### Required action
Would you set down the data that follows, word for word, without any pictures?

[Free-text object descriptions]
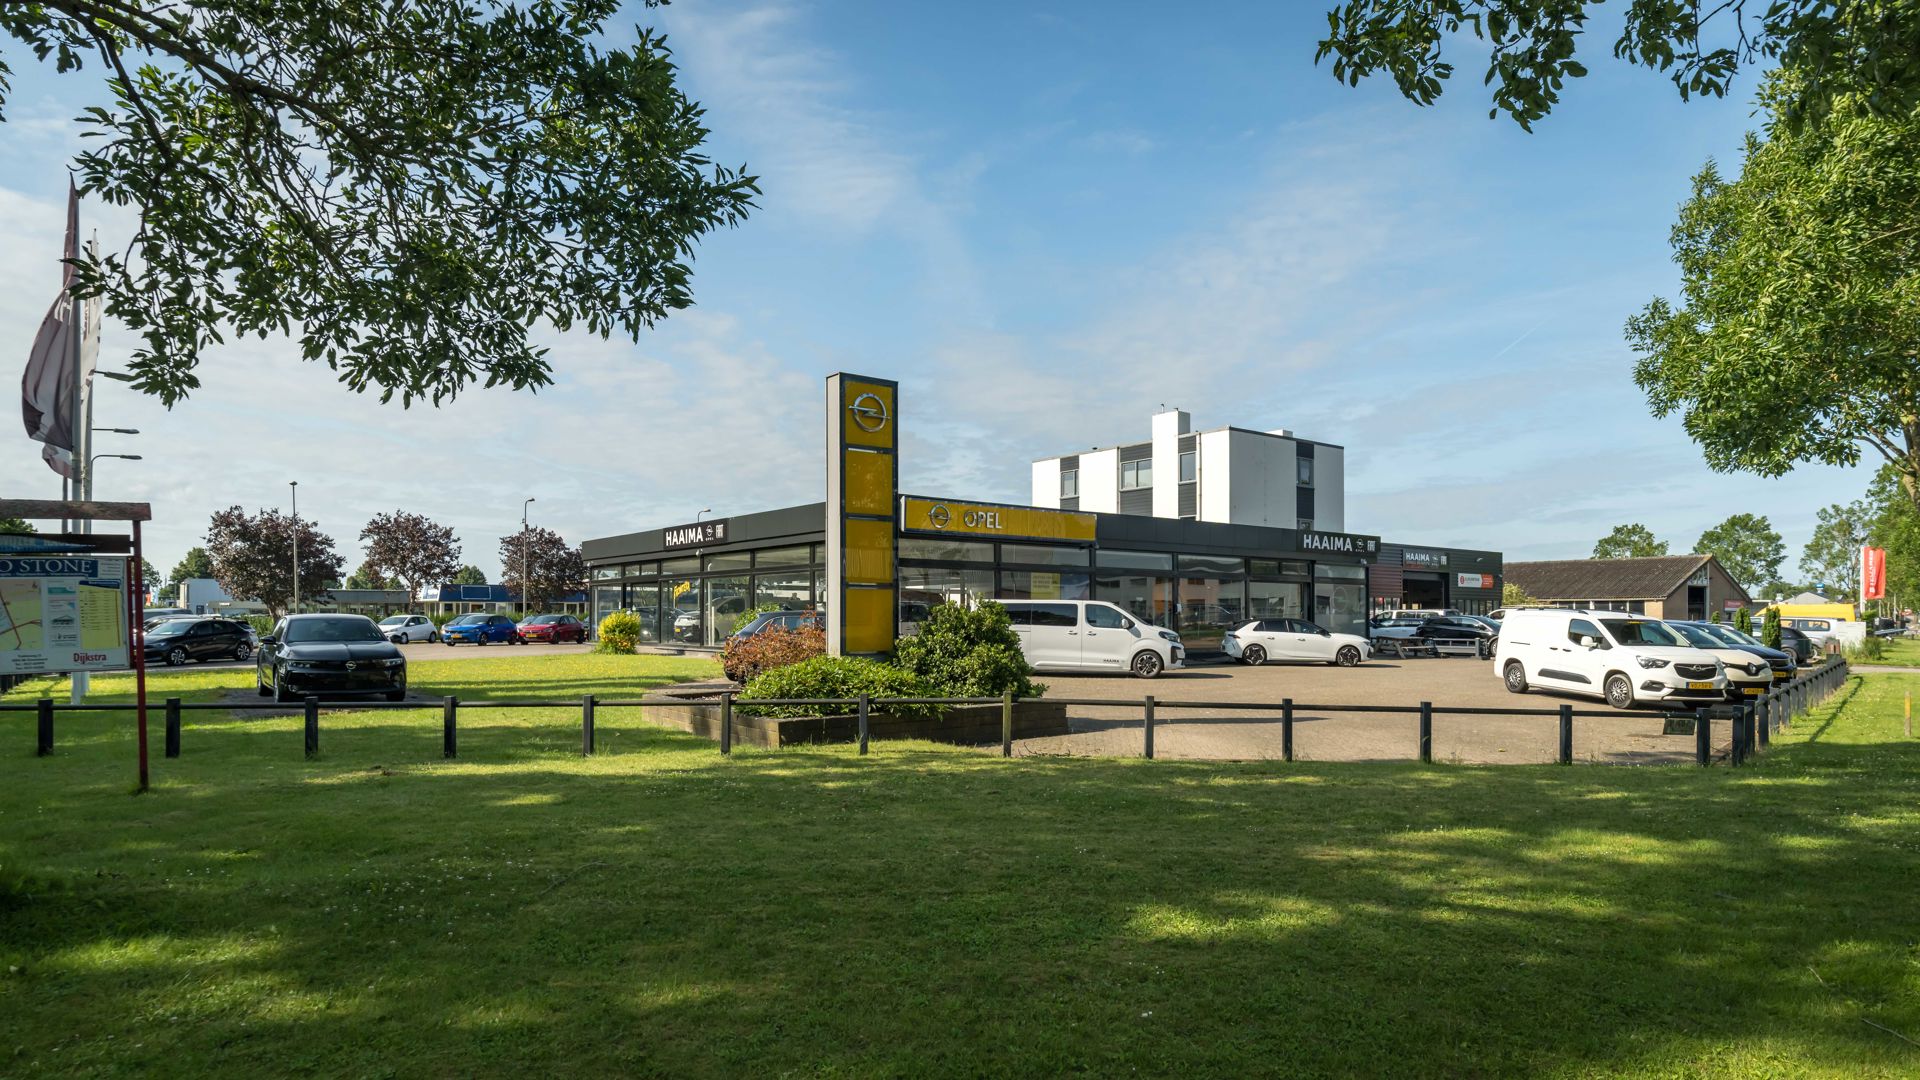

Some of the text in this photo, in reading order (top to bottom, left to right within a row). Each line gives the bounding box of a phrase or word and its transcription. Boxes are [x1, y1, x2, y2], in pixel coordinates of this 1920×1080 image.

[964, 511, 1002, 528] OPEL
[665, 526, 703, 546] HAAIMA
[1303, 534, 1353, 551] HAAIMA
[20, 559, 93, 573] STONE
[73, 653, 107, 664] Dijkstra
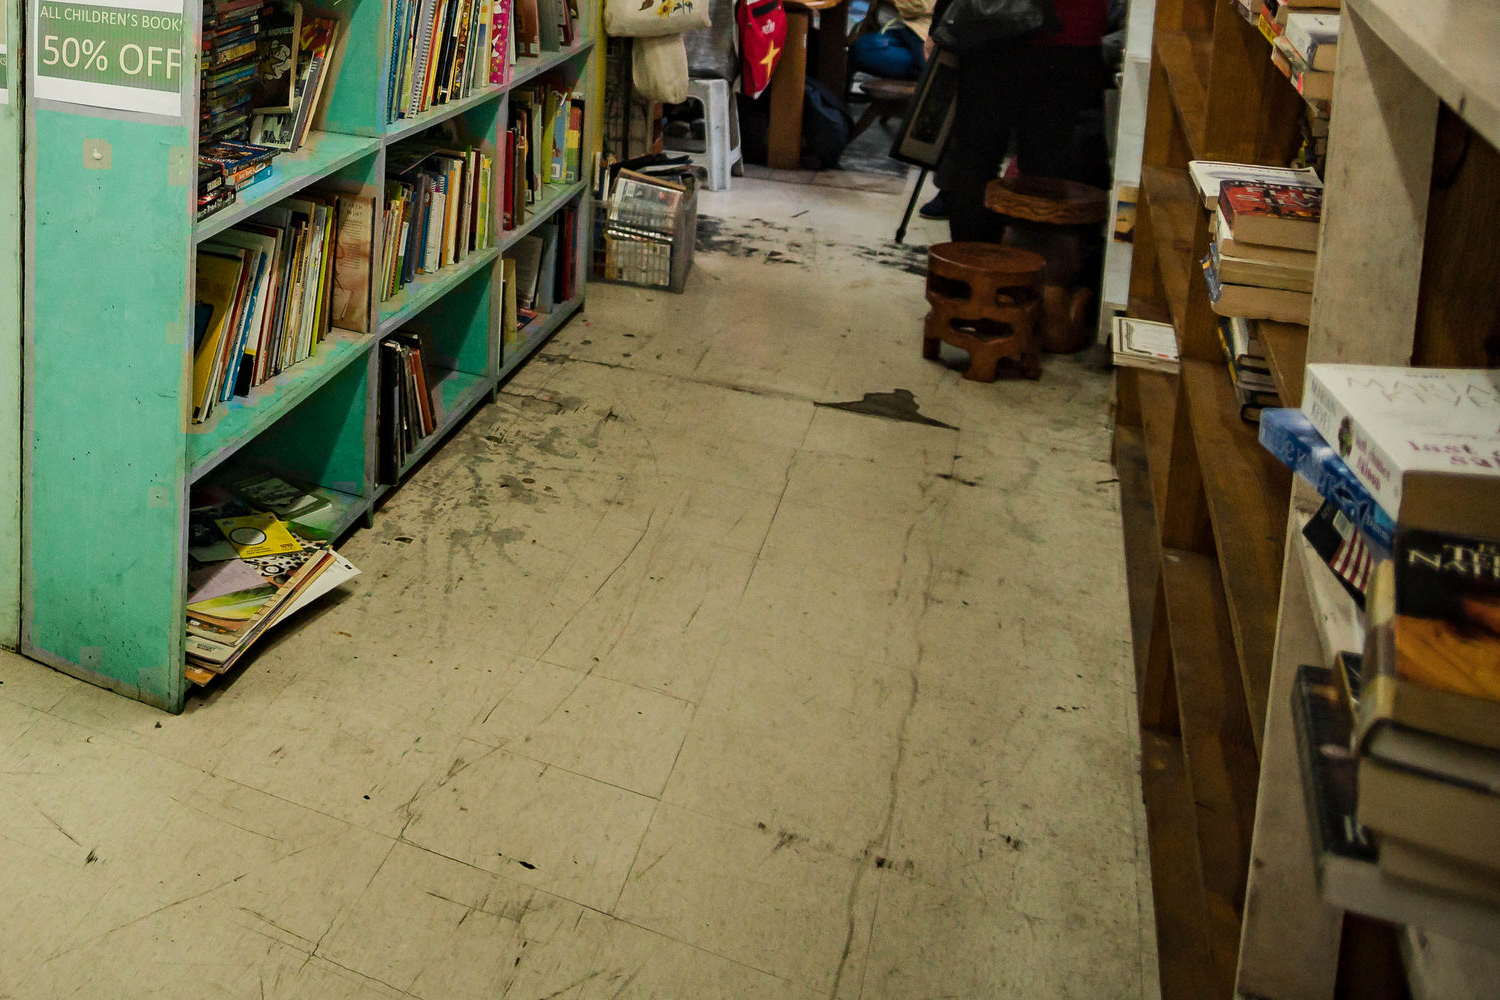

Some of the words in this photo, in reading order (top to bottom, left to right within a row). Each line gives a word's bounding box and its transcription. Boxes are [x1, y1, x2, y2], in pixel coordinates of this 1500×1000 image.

### Task solution
Some of the text in this photo, in reading order (top to bottom, left to right within a row). Each line gives the bounding box of a phrase or word and its transcription. Boxes are [x1, y1, x2, y2], in pixel coordinates of this 1920×1080 image.

[964, 511, 1002, 528] OPEL
[665, 526, 703, 546] HAAIMA
[1303, 534, 1353, 551] HAAIMA
[20, 559, 93, 573] STONE
[73, 653, 107, 664] Dijkstra

Some of the words in this photo, in reading order (top to bottom, left to right within a row). Each line gives a word's bounding box and its transcription. Boxes are [x1, y1, x2, y2], in pixel coordinates of this 1500×1000 image.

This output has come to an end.